*** MATERIAL PROVIDED ***

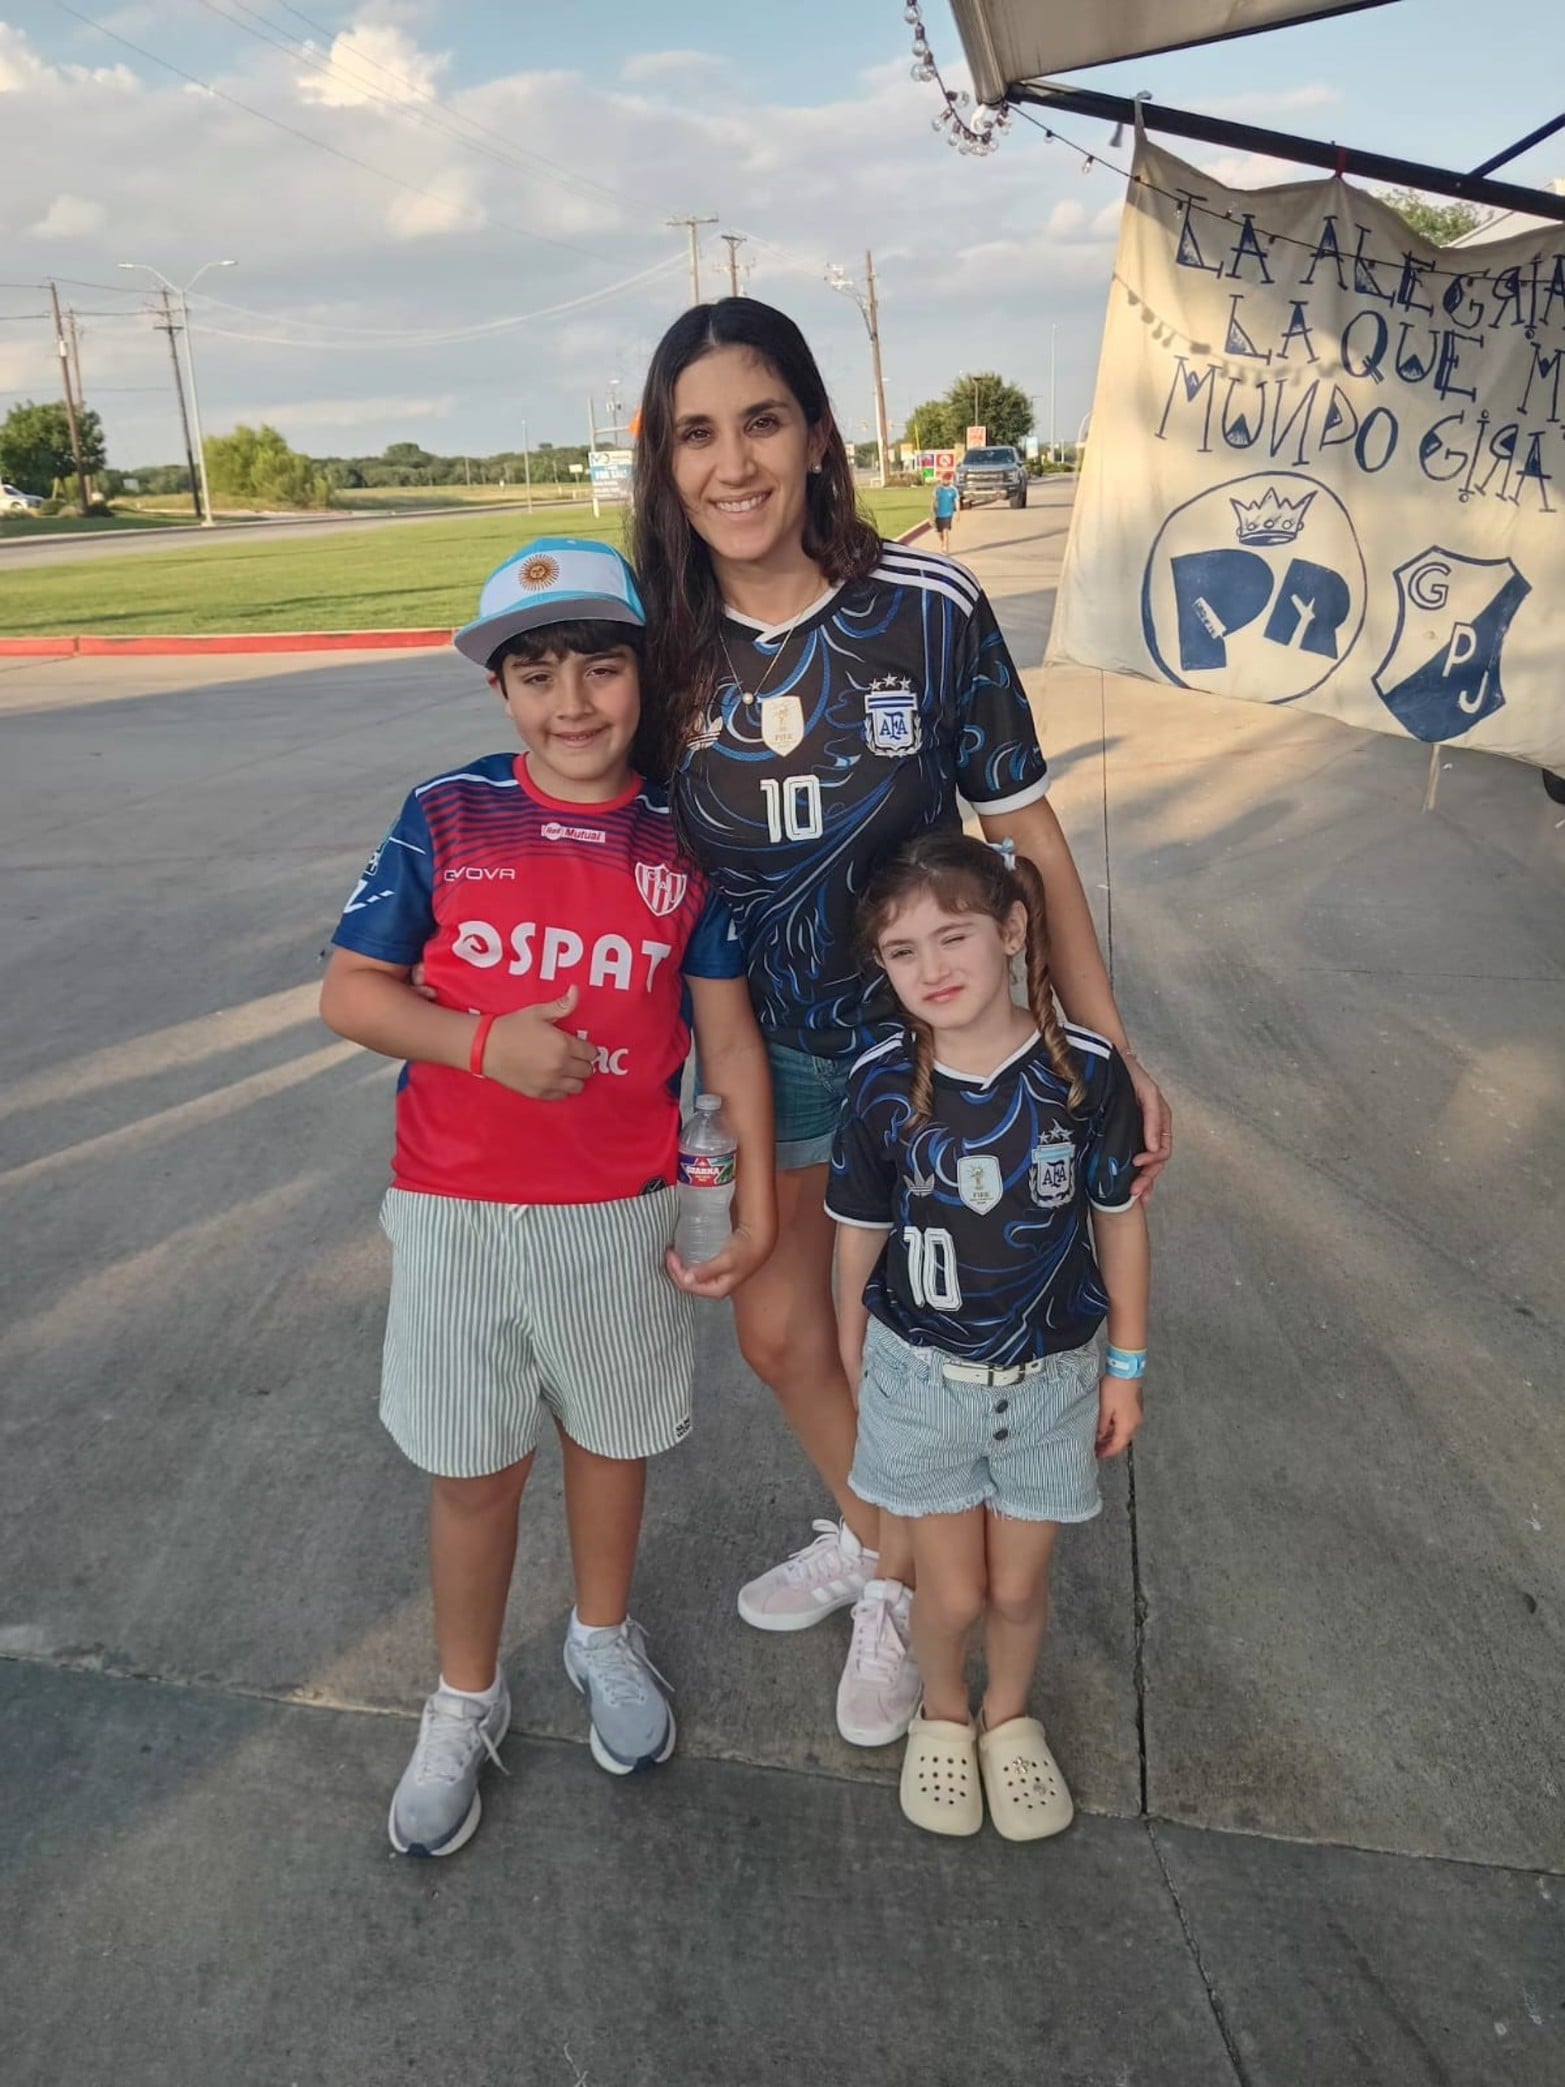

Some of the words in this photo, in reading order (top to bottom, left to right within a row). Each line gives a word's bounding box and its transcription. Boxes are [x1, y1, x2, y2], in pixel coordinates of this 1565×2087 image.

[1176, 189, 1275, 284] LA
[1224, 294, 1319, 365] LA
[1340, 310, 1484, 402] QUE
[1154, 355, 1399, 474] MUNDO
[564, 828, 602, 841] Mutual
[759, 774, 824, 844] 10
[451, 920, 673, 993] OSPAT
[902, 1225, 964, 1312] 10

*** End of MATERIAL PROVIDED ***

__WHAT YOU WILL DO__:
Please reproduce the entries above exactly, omitting every picture.

__COMPLETED TASK__:
Some of the words in this photo, in reading order (top to bottom, left to right within a row). Each line gives a word's bounding box and its transcription. Boxes are [x1, y1, x2, y2], in pixel coordinates of this 1565×2087 image.

[1176, 189, 1275, 284] LA
[1224, 294, 1319, 365] LA
[1340, 310, 1484, 402] QUE
[1154, 355, 1399, 474] MUNDO
[564, 828, 602, 841] Mutual
[759, 774, 824, 844] 10
[451, 920, 673, 993] OSPAT
[902, 1225, 964, 1312] 10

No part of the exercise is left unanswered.